What hasn’t changed since the old spy days is the likely
perpetrators of these clandestine
activities: the Russians and the Chinese, says ONCIX.
Don’t Stress Me In
One way of viewing the advice that Nancy Stampahar gives about relieving stress is that, well, you should be stressed, because the stress is your own fault. This author and presenter, who offers “real-life how to’s and solutions that help you succeed at both work and home,” thinks that if you are continuously putting out fires or juggling too many plates, you either are stressed or a fine candidate for stress. But it’s your own doing, for “If you do not make changes in your reactions toward people and situations, your stress levels will elevate over time and detrimental effects will occur in your job, health and relationships. It is up to you, and only you, to take care of yourself and [take] responsibility for your career and life.”

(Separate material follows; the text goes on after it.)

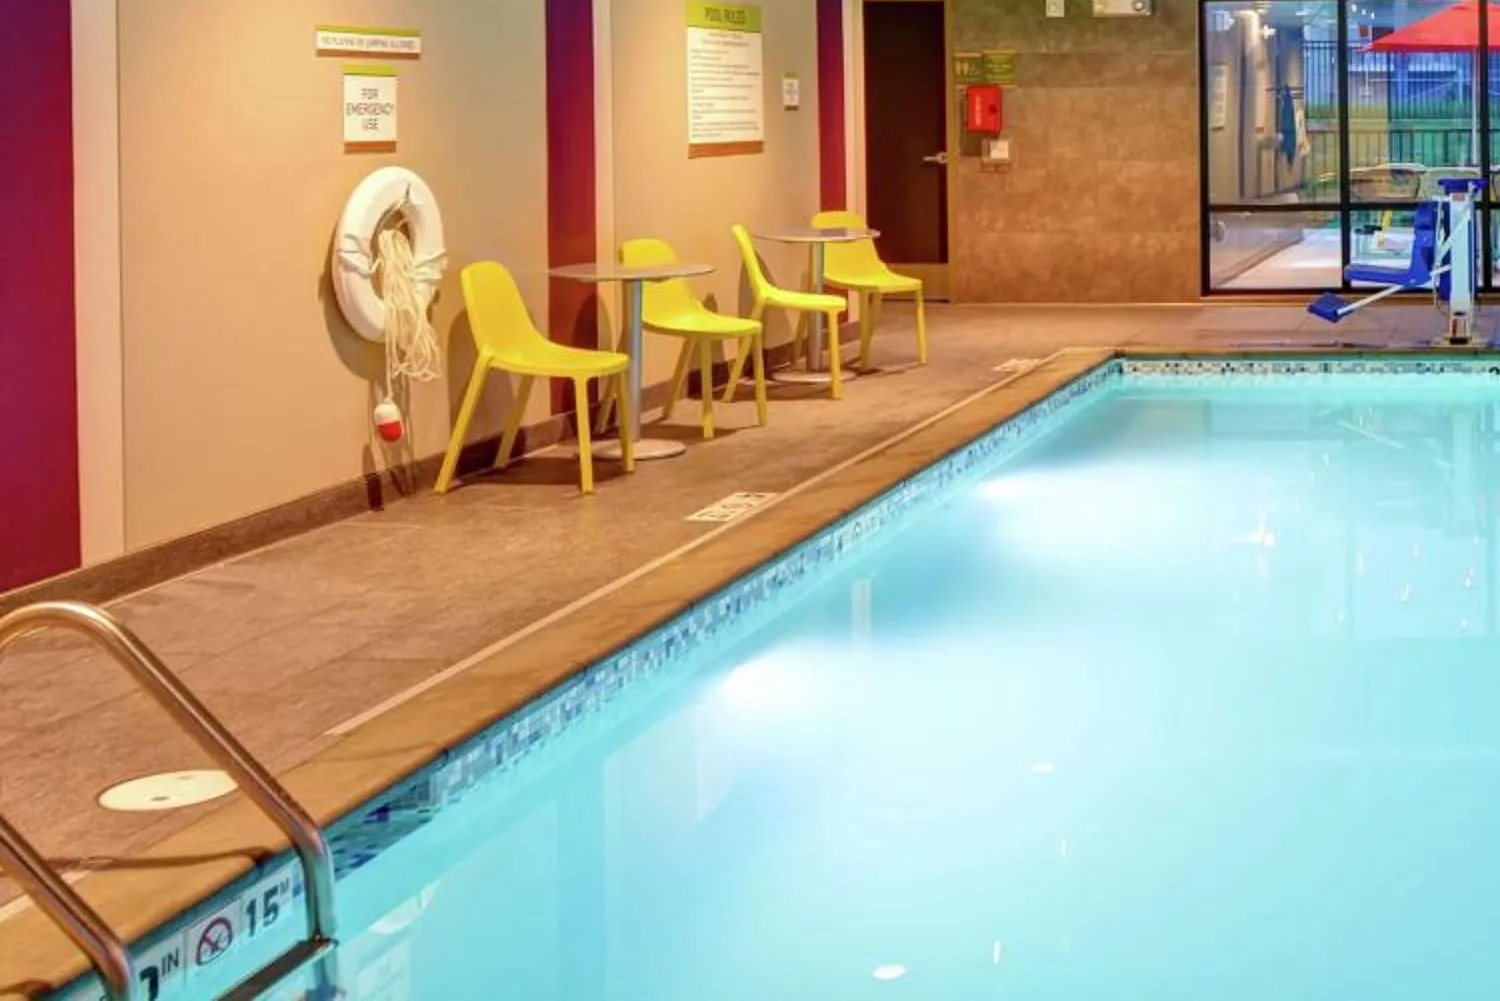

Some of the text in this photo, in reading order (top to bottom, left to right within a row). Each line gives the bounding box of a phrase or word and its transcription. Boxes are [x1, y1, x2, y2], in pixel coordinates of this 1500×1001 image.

[360, 87, 379, 100] FOR
[346, 102, 395, 116] EMERGENCY
[362, 118, 379, 130] USE
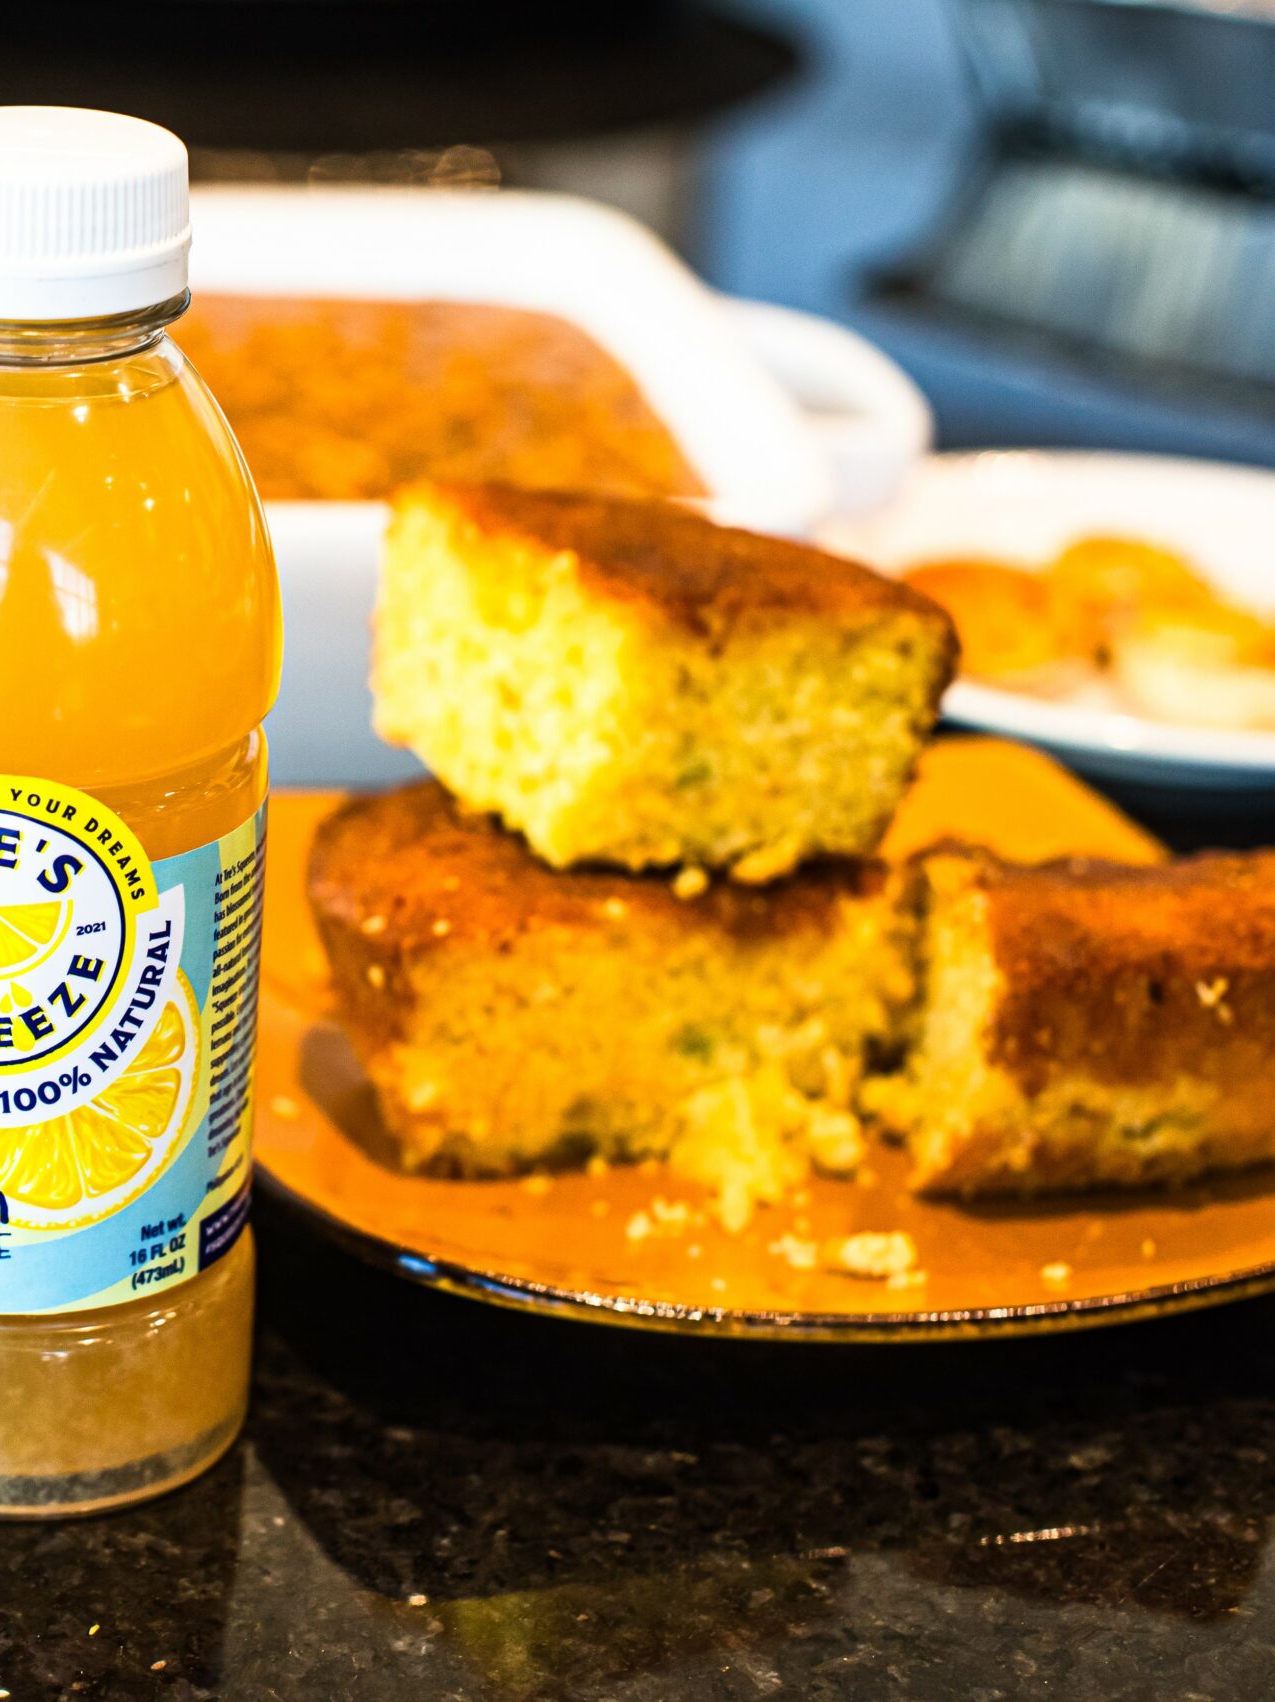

Of course, Stampahar also says that some stress can be a good thing because it helps you stay focused and take action. But she has some advice for people who have reached a toxic level of stress.
1. Develop positive self-talk, thinking and visual imagery.
2. Let go of control and delegate.
3. Express your feelings and boundaries assertively.
4. Be open-minded and flexible.
5. Welcome feedback and criticism.
6. Let go of the past.
7. Look for new ways and approaches.
8. Stay fit.
9. Bring fun and laughter into your life.
10. Realize what is most important in life.